Here is a chart showing the memory usage of the last two days for one of the APIs:

Screenshot 2023-07-12 at 09 17 21

The first left half of the chart (the first day) the Apollo server was running with the ApolloServerPluginUsageReporting enabled, and the memory kept increasing linearly, and the last half (the second day), exactly the same code was running but passing the ApolloServerPluginUsageReportingDisabled to the plugins, so that the usage reporting is disabled. In this last case no memory was being leaked.

We are using @apollo/server with version 4.3.0

Link to Reproduction

https://github.com/GabrielMusatMestre/apollo-server-memory-leak-repro

Reproduction Steps

Steps are described in the README.md of the reproduction repo.

This is not a reliable reproduction, as the memory leak might start being noticeable by running the server under heavy load for hours or days, and it needs a properly configured APOLLO_KEY and APOLLO_GRAPH_REF that will actually publish usage reports to Apollo.

trevor-scheer commented 1 year ago

Thanks for the great report, sorry it's taken me a week to get to this. I'll have a closer look tomorrow!

trevor-scheer commented 1 year ago

@gabotechs have you had a chance to look at my PR and try out the built packages?

juancarlosjr97 commented 1 year ago

Any progress on this issue? We have a memory leak and we are trying to identify where it is coming from too, but we have disabled the reporting and still see a memory spike.

trevor-scheer commented 1 year ago

@juancarlosjr97 are you able to create a minimal reproduction? That's certainly interesting that you see the issue with reporting disabled, they may be unrelated.

juancarlosjr97 commented 1 year ago

I will create one @trevor-scheer and share it. The issue has been narrowed down to many unique operations for the same query.

query GetBestSellers($category1: ProductCategory) {
  bestSellers(category: $category1) {
    title
  }
}
query GetBestSellers($category2: ProductCategory) {
  bestSellers(category: $category2) {
    title
  }
}

The $category1 and $category2 could have the same value but they are identified as two different operations. We reverted yesterday to using the same operation and the memory increase issue has been resolved. However, it reveals that the memory used has not been released (nearly 12 hours after the change of the operations) which might point to another issue of garbage collection.

We have tested this behaviour on the Apollo v3 and Apollo v4, with all plugins disabled, and still the same behaviour.

Also, profiling revealed that what is taking more memory from and continuously growing is the graphql library, specifically from the node_modules/graphql/language.

This might be another issue, and if it is, I will raise a separate issue for it if has not been raised already internally by Apollo by then.

We have raised this internally with Apollo and the reference number is 9623.

trevor-scheer commented 1 year ago

@juancarlosjr97 given what you've narrowed it down to so far this does seem unrelated, so a separate issue would be preferred.

How sure are you that:

for the same query

is relevant? Have you ruled out just "many unique operations" by itself?

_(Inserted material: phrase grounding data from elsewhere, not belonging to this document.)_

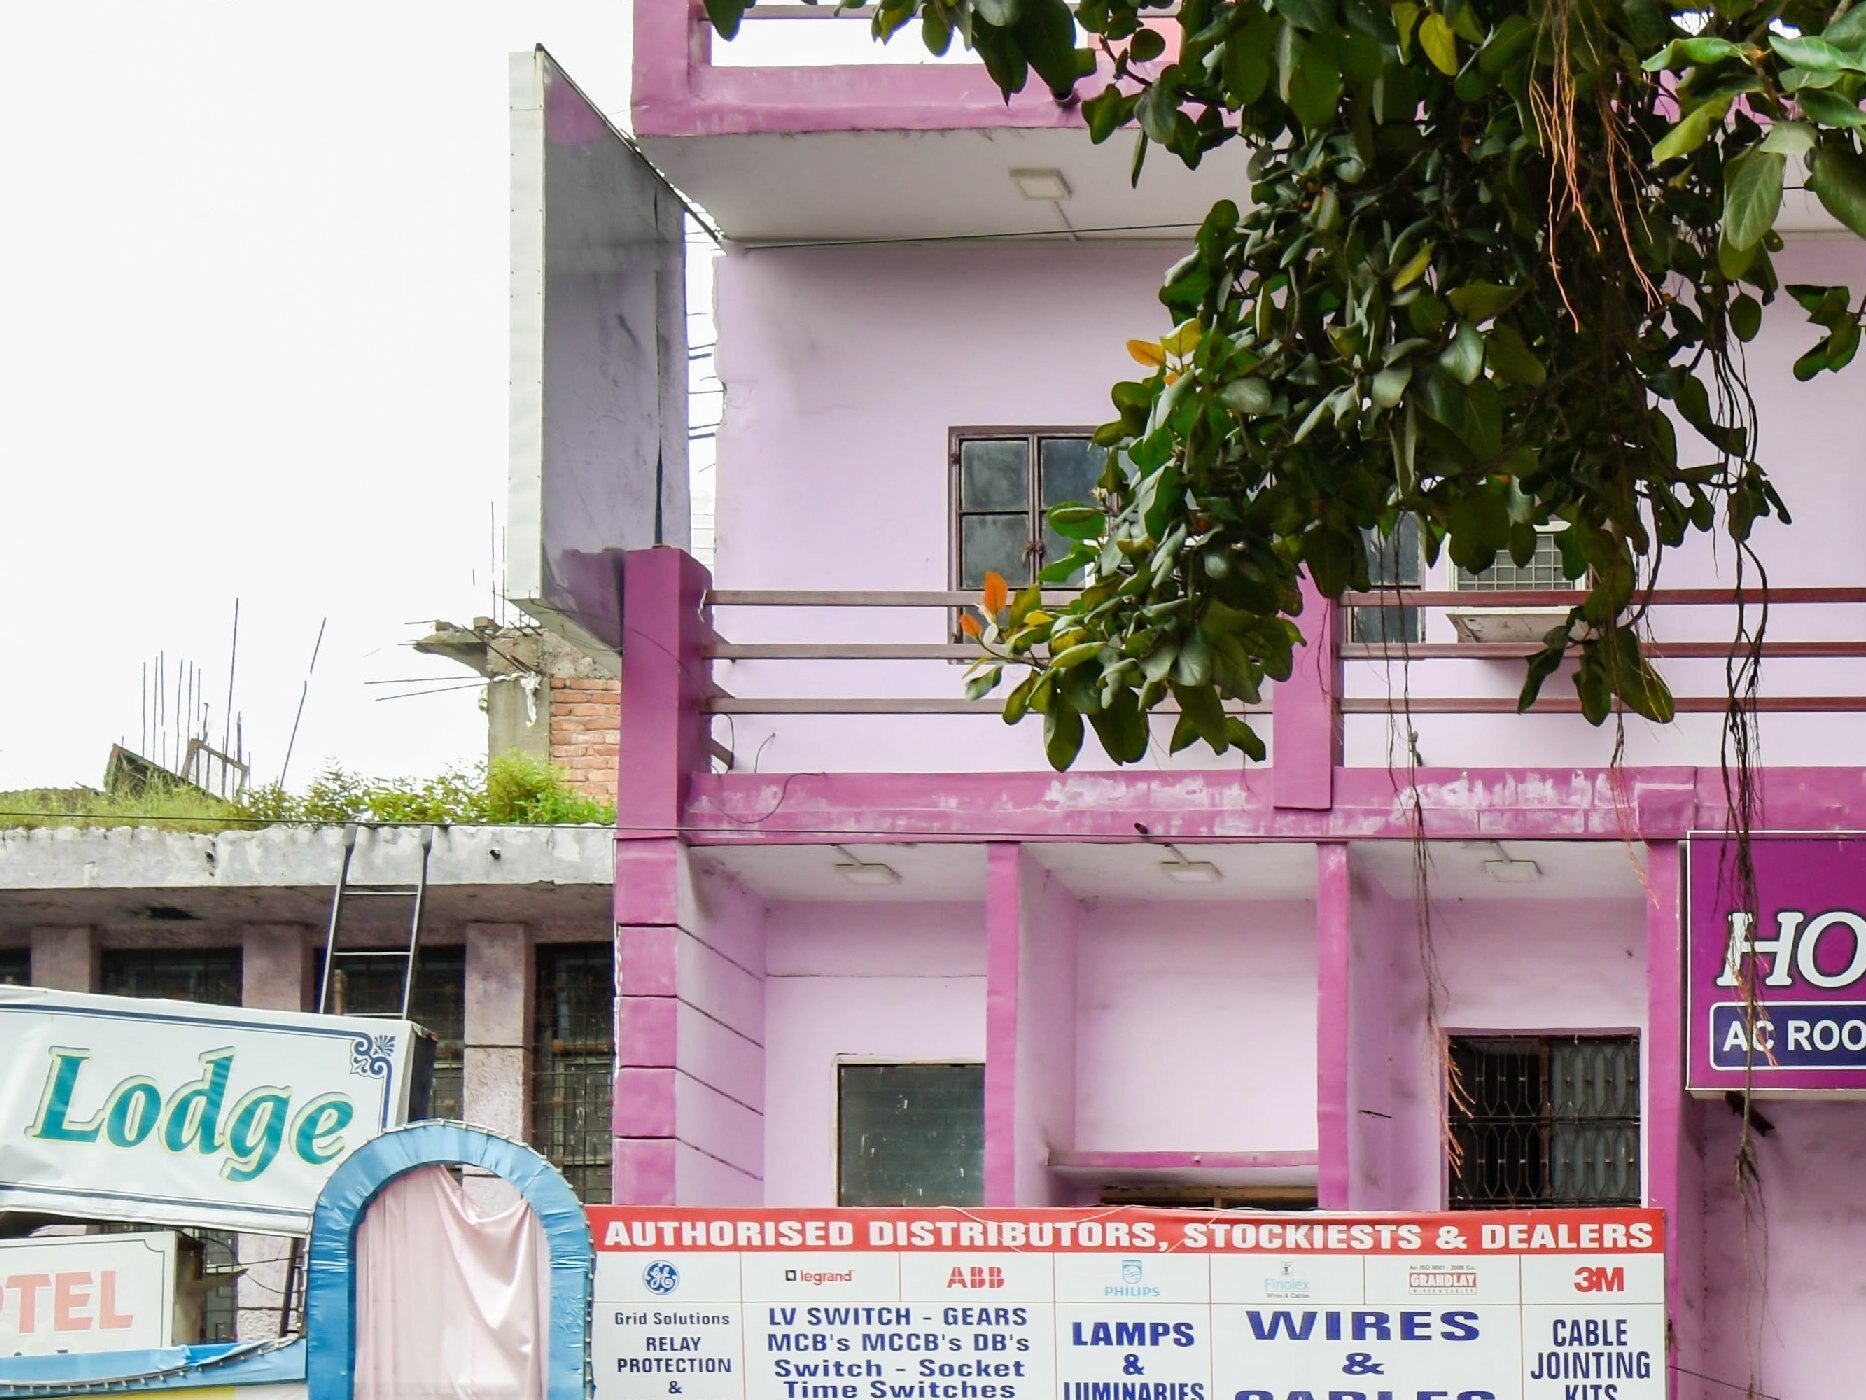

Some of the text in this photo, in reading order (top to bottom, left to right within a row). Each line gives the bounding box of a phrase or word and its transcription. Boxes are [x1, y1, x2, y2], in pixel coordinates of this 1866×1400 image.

[1723, 1020, 1777, 1052] AC
[26, 1045, 355, 1182] Lodge
[604, 1219, 1654, 1251] AUTHORISED DISTRIBUTORS, STOCKIESTS & DEALERS
[800, 1268, 852, 1286] legrand
[946, 1267, 1006, 1289] ABB
[1265, 1278, 1309, 1291] Finolex
[1411, 1273, 1476, 1287] GRANDLAY
[1573, 1267, 1625, 1292] 3M
[0, 1270, 133, 1334] TEL
[1104, 1286, 1160, 1297] PHILIPS
[614, 1312, 731, 1326] Grid Solutions
[768, 1307, 1028, 1326] LV SWITCH GEARS
[1246, 1310, 1480, 1342] WIRES
[767, 1333, 1030, 1353] MCB's MCCB's DB's
[1072, 1322, 1195, 1348] LAMPS
[1551, 1318, 1629, 1347] CABLE
[646, 1336, 702, 1352] RELAY
[616, 1357, 733, 1374] PROTECTION
[774, 1359, 1026, 1379] Switch Socket
[1122, 1354, 1145, 1376] &
[1341, 1352, 1385, 1376] &
[1529, 1351, 1652, 1381] JOINTING
[667, 1380, 683, 1395] &
[784, 1381, 1016, 1399] Time Switches
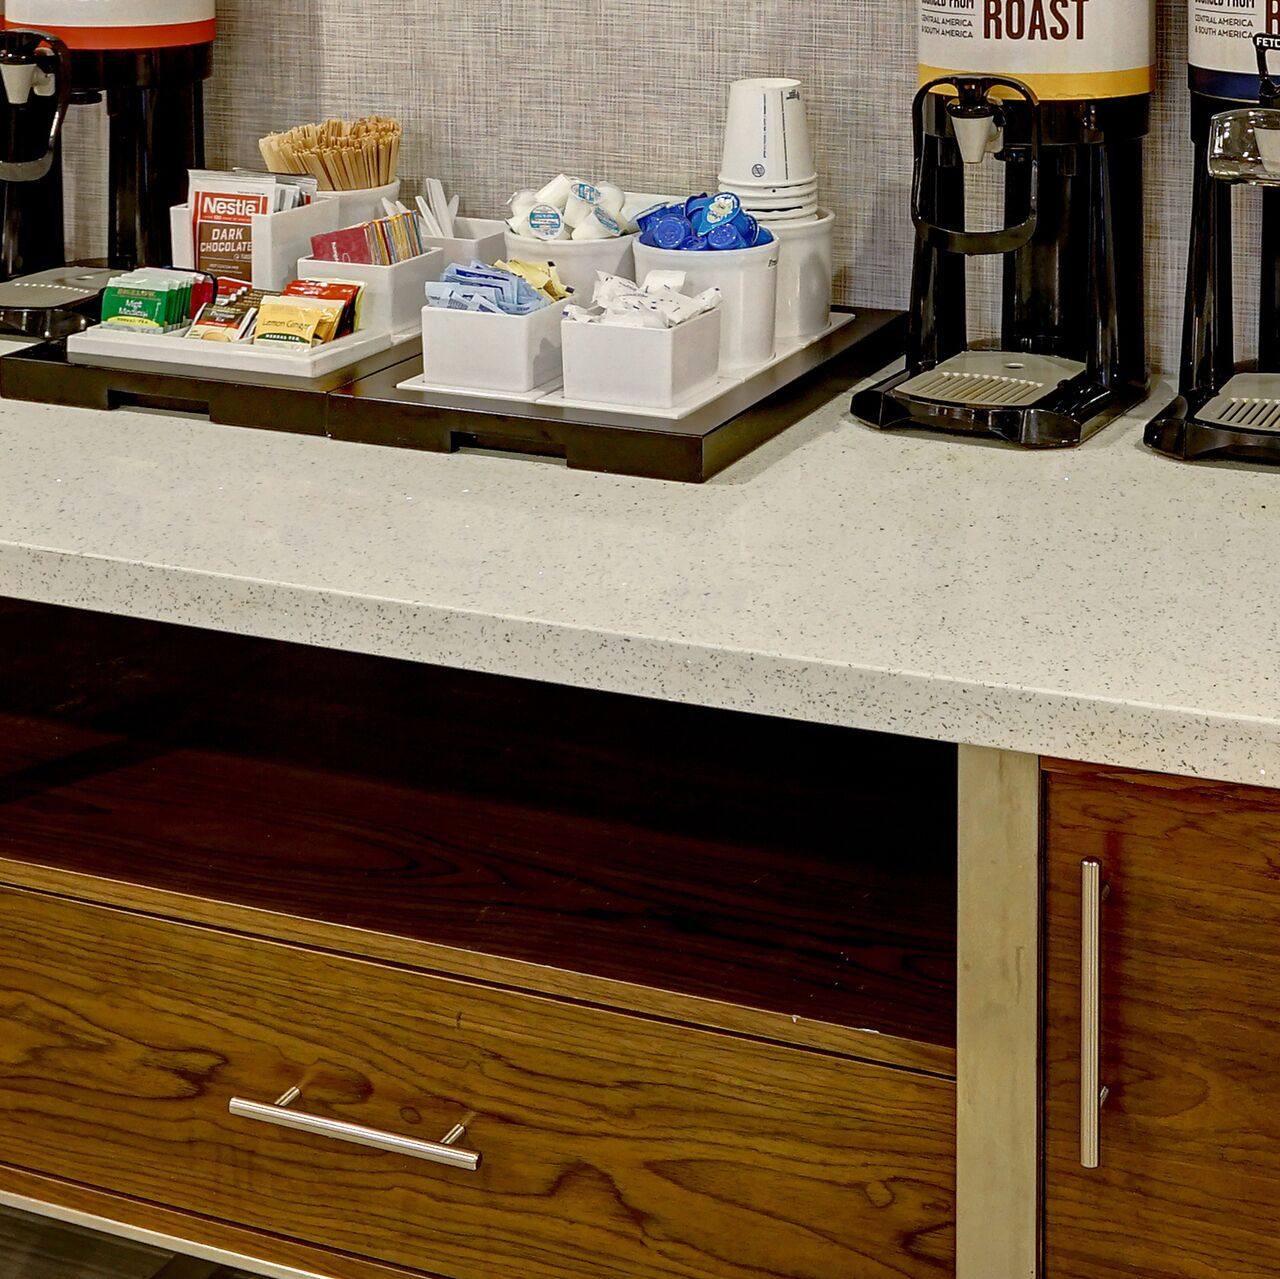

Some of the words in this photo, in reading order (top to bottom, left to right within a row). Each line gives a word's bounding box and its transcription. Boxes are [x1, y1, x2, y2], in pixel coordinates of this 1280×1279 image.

[942, 17, 974, 27] AMERICA
[1194, 14, 1218, 25] CENTRAL
[1218, 18, 1254, 28] AMERICA
[925, 26, 940, 36] SOUTH
[941, 28, 974, 38] AMERICA
[1198, 27, 1218, 36] SOUTH
[1218, 29, 1254, 39] AMERICA
[212, 228, 244, 241] DARK
[200, 241, 252, 253] CHOCOLATE
[262, 318, 286, 328] Lemon

The "same query excluding variables" part would be a surprising twist to the issue.

The graphql/language leads us to parsing and printing from graphql-js so it would be interesting to run the set of queries that make up your reproduction against just the graphql-js parser directly and see if you still see the same issue with GC / memory usage increasing over time.

glasser commented 1 year ago

@trevor-scheer If they're saying that they change the name of the variable ($category1 vs $category2) then I think most of our systems (including usage reporting) will consider them as distinct operations.

trevor-scheer commented 1 year ago

@glasser right, I'm asking for clarification on exactly that. Like I don't think that it matters that the operation is entirely the same minus the variable name. It sounds more like a "many different operations" problem, more generally. I would be surprised if the issue was limited to that specific nuance.

glasser commented 1 year ago

Right, I agree that the problem is likely "many different operations" β€” just that it might not be obvious that we treat those operations as distinct.

juancarlosjr97 commented 1 year ago

Thank you for the replies @trevor-scheer and @glasser. We can confirm at this point, that the memory has been steady since we the consumer changed the query to be identified as the same operation using the same queries.

I will work on reproducing the issue and when I have done it, I will raise another issue with all the details and a repository to clone and replicate the bug, as the memory is not getting released which is the problem

juancarlosjr97 commented 1 year ago

@trevor-scheer and @glasser I created a project with instruction that shows the memory leak issue https://github.com/juancarlosjr97/apollo-graphql-federation-memory-leak. I am going to be raising another issue with all the details of the issue.